Miriam writes on June 28 that Billy is better. She took him back to the doctor who said he thought he was better. She states emphatically, "I know he is."

She mentions that she tried to take him to meeting in the morning but he had "so much business" she took him out for a walk.

She adds a note to the letter on Monday morning, "We have milked and churned... so good morning."


15
Letter from Miriam Haley to her husband William, 1865

Letter from Miriam Haley to her husband William, 1865

Item 68443 info
Sebago Historical Society

Miriam reports that Billy continues better, not having had a fit for two weeks. She mentions that it is July 2 and she is thinking of William's birthday. He turned 40.

She is anxious for a letter from him. It has been two weeks since the last one.

Her letter is filled with farm and weather news. She is quite proud of "what I have done with my cows" making butter to sell and two cheeses "to eat through haying."

She wishes he could have a taste of it but adds stoically "but it is no use to wish."


16
Letter from Miriam Haley to her husband William, 1865

Letter from Miriam Haley to her husband William, 1865

Item 68446 info
Sebago Historical Society

On July 9 Miriam writes that Billy has had a slight relapse of his illness but his spasms are not "so bad as they was before."

She says he is learning to talk and "will say all the Alphabet quite plain."

The money he sent arrived safely and she states "I shall be as prudent of it as I can." She lists the bills they owe and says "I must pay with my butter."

She mentions that her nephew Lorenzo (Gammon) is on his way home.


17
William Haley letter from Savannah to his daughter Elzira, 1865

William Haley letter from Savannah to his daughter Elzira, 1865

Item 68524 info
Sebago Historical Society

William writes Elzira on July 10 that he has been sick with colic and "then the Diarreah sot in." He takes only a few of the doctor's pills and cures himself with brandy and sugar.

He includes some parental advice saying he hopes she has a good teacher because he wants her to improve all she can.

He intends for her to go to school in the fall in Gorham but "untill I get home I want you to stay with Mother & help her all you can be a good girl and you will not loose anything by it."


18
Letter from William Haley to his daughter Elzira, 1865

Letter from William Haley to his daughter Elzira, 1865

Item 68529 info
Sebago Historical Society

William starts this letter July 31 and finishes it August 2.

He writes that he is well and spends and has been on patroll in Savannah with his regiment.

He wonders why Elzira did not get a ten dollar bill he thought he sent but is going to send another one along with an additional five dollar bill.

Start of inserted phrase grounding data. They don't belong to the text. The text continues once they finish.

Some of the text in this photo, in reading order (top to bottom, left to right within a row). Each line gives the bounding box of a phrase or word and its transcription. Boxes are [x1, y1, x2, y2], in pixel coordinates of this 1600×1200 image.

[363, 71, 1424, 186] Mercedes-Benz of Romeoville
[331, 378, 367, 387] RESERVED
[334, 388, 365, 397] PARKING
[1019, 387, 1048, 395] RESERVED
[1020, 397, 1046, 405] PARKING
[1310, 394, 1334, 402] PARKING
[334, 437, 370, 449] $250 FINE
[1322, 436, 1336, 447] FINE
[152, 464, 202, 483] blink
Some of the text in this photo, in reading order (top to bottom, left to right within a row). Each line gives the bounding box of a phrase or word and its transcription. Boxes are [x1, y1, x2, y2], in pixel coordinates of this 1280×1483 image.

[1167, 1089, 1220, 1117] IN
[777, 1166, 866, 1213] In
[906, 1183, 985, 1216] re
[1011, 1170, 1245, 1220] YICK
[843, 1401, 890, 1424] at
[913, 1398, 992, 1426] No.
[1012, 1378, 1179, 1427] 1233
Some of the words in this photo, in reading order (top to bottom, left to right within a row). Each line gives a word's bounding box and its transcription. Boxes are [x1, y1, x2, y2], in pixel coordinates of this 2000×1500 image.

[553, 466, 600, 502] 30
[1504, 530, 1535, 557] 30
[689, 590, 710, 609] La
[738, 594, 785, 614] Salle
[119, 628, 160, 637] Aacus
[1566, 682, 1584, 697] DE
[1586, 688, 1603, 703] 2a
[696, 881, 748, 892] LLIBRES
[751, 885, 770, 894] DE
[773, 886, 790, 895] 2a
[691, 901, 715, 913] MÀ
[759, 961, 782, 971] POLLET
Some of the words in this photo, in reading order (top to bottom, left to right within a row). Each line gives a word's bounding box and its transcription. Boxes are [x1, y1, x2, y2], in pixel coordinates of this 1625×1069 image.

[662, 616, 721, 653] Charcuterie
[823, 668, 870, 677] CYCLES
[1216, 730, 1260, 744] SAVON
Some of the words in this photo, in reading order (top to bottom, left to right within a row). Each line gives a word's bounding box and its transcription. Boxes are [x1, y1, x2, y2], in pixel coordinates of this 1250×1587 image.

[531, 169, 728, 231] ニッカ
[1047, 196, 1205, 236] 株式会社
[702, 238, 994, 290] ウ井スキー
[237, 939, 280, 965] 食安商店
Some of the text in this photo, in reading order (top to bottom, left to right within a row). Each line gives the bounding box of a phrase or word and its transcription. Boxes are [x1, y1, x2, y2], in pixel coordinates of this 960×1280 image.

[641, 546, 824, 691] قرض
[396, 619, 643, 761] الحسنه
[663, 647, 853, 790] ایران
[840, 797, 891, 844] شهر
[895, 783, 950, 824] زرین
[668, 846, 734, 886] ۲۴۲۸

His concern with the farm is evident. He asks many questions about the haying, the other crops and the colt and the cattle. He instructs her to "tell Joseph to girt the oxen & steers & write me how large they are."

William was mustered out of the infantry with his company less than two weeks later on August 20, 1865 and went home to his farm and family.

He lived to age 72 finally succumbing to the illness he contracted while fighting in Louisiana.


19
William Haley, Jr. farmhouse, Sebago, ca. 1890

William Haley, Jr. farmhouse, Sebago, ca. 1890

Item 70027 info
Sebago Historical Society

The Haley Family Farm, still inhabited, has a three-story barn and many bedrooms. William and Miriam Haley are buried farther down Convene Road in Haley Cemetery.